With the tow truck operator having only $2M in coverage, plaintiff’s counsel looked to the ERS, Ford and others. The claim against the insured was that the tow truck operator was the “agent” of the ERS, in spite of clear language in the contract as to an “independent contractor” relationship. The demand against the insured was well beyond the primary carrier’s significant limits and well into our client’s excess layer. On the eve of jury charges and deliberations, the underlying carrier agreed to offer its significant policy limits, placing our client in a disadvantageous negotiating position. Nevertheless, Ron and Jeffrey S. Bell, Esq. were able to negotiate a settlement with plaintiff’s counsel for only 3% of the excess limits. As a footnote, the matter continued to jury verdict against certain remaining parties.
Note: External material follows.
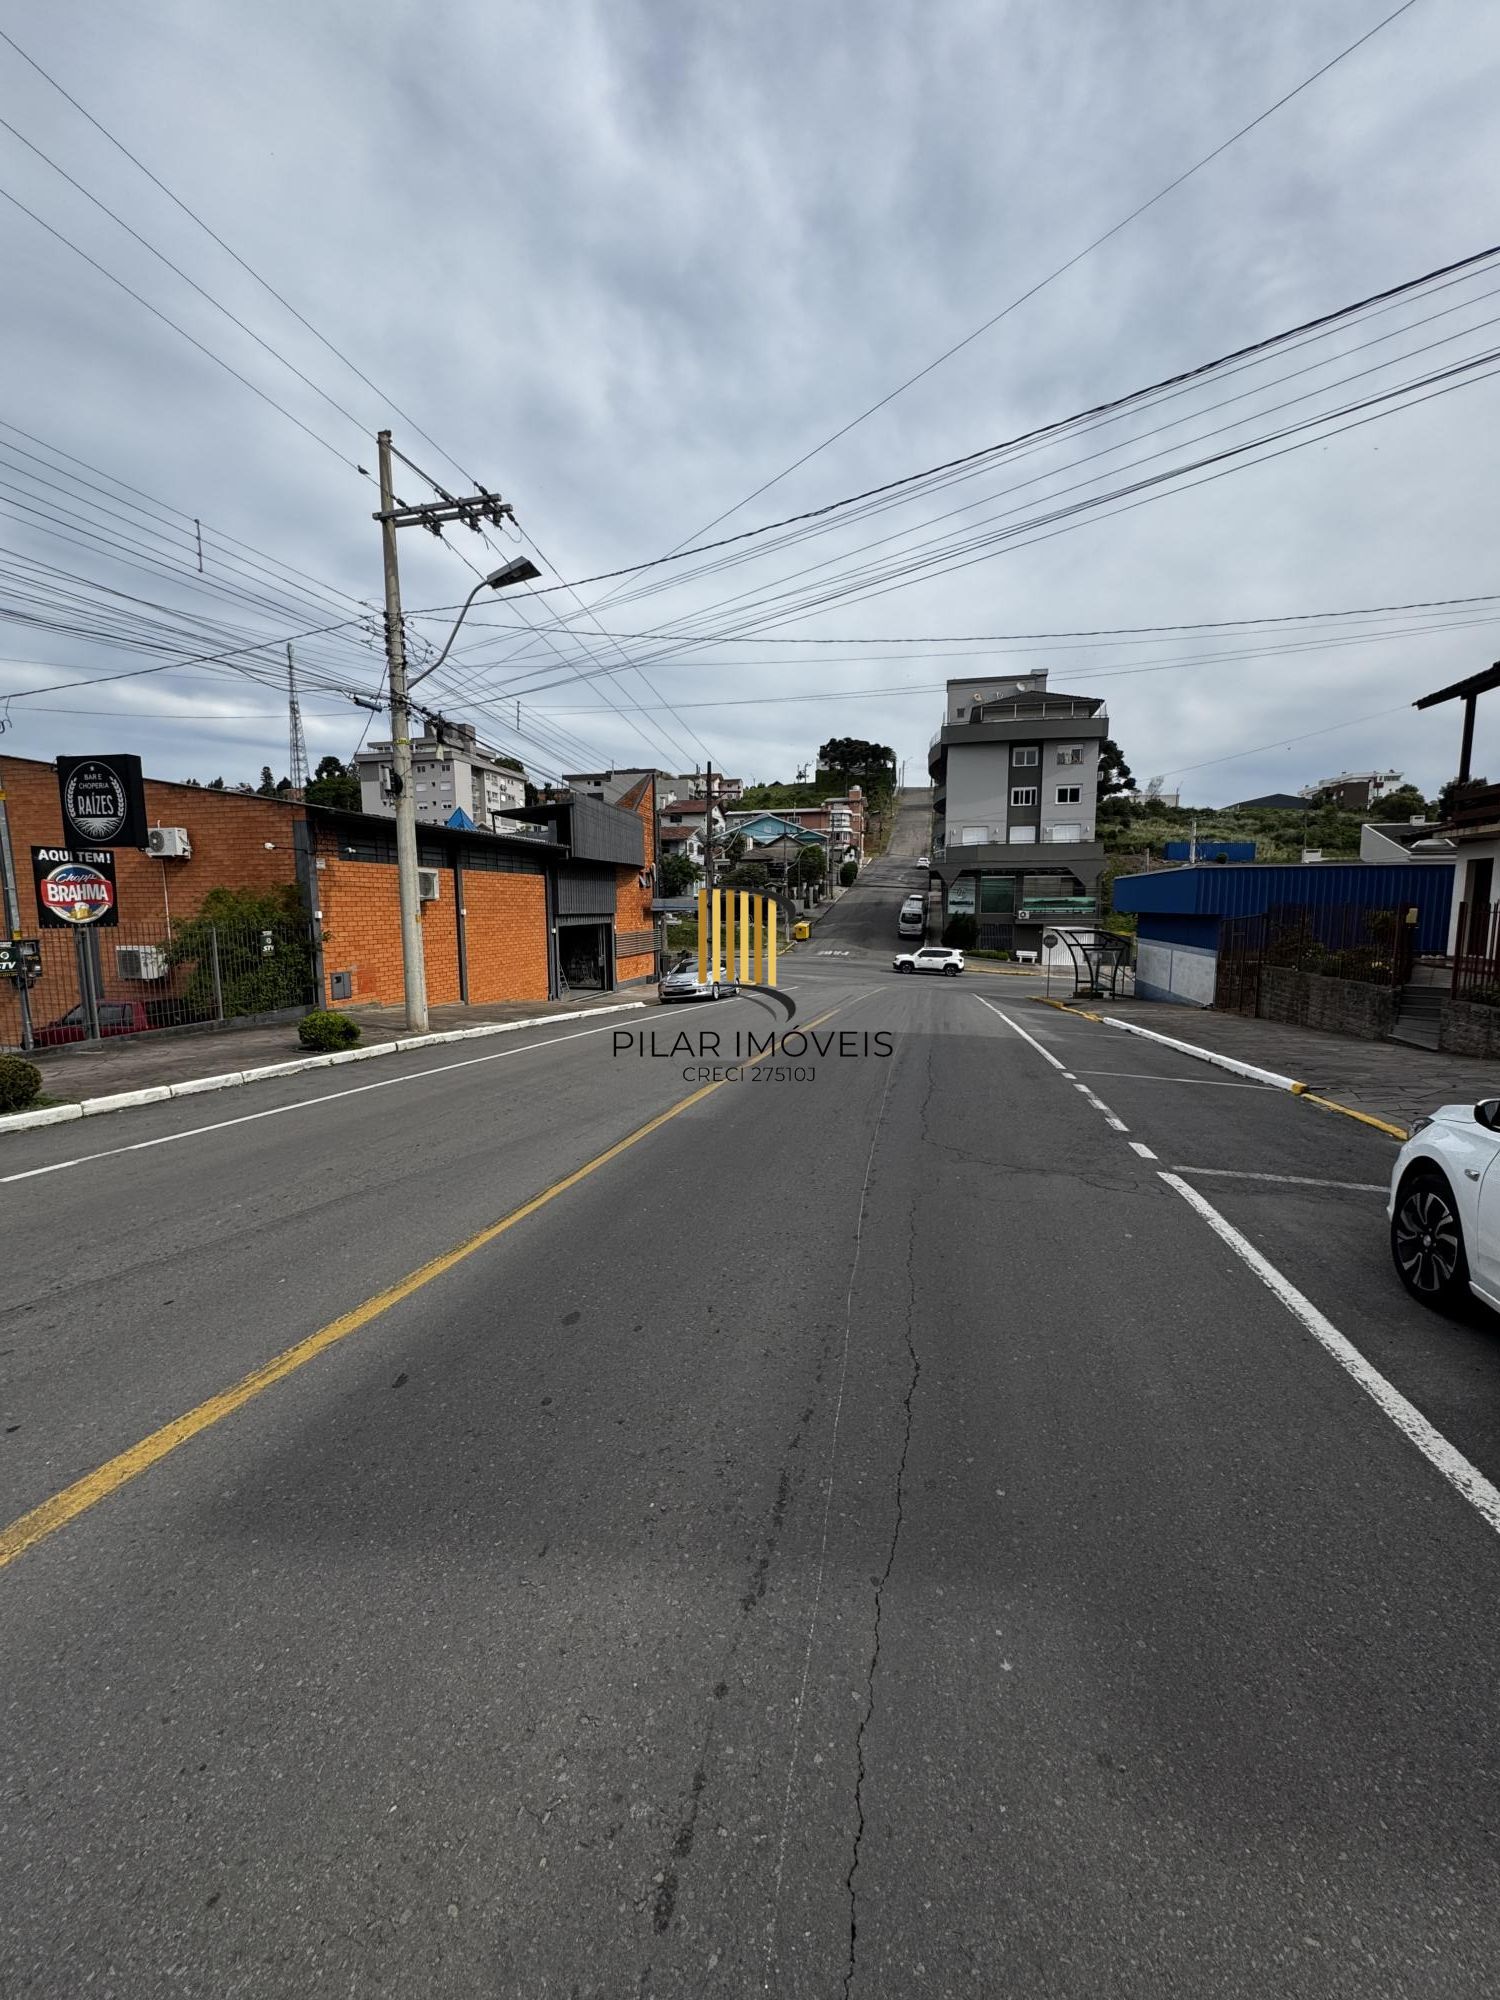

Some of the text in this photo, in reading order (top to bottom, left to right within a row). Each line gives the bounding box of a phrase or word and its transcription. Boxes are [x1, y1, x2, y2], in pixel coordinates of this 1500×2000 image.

A gross verdict was entered on damages in the amount of $12M. The jury specifically found that the tow operator was the “agent” of the ERS. Part of our post-trial analysis for the client highlighted the importance for underwriters to look at the contractual relationship between the insured and others, considering the importance afforded the “independent contractor” language in the agreement in this case.


Christopher H. Westrick, Esq. recently completed a two-week trial of a construction defect dispute in Somerset County, New Jersey. Plaintiff sought nearly $350,000 for allegedly negligent construction of an addition to a trucking depot. However, the depot had been severely damaged by a fire and it was argued to the jury that the plaintiff had been largely made whole as a result of fire insurance claims, and that the fire constituted an intervening, superseding cause. Although returning a finding of negligence, the jury accepted the intervening cause argument and only awarded $12,000 against the client. The plaintiff is expected to file an appeal.

 


David D. Blake, Esq. recently completed a bench trial in an insurance broker malpractice matter before Magistrate John J. Hughes of the U.S. District Court for the District of New Jersey. Plaintiff brought suit against its former insurance broker for allegedly failing to review other policies that had been procured by a another broker in order to find coverage for a claim. The Court ruled in favor of our client (defendant), returning a verdict of “no cause of action” and dismissing the case in total.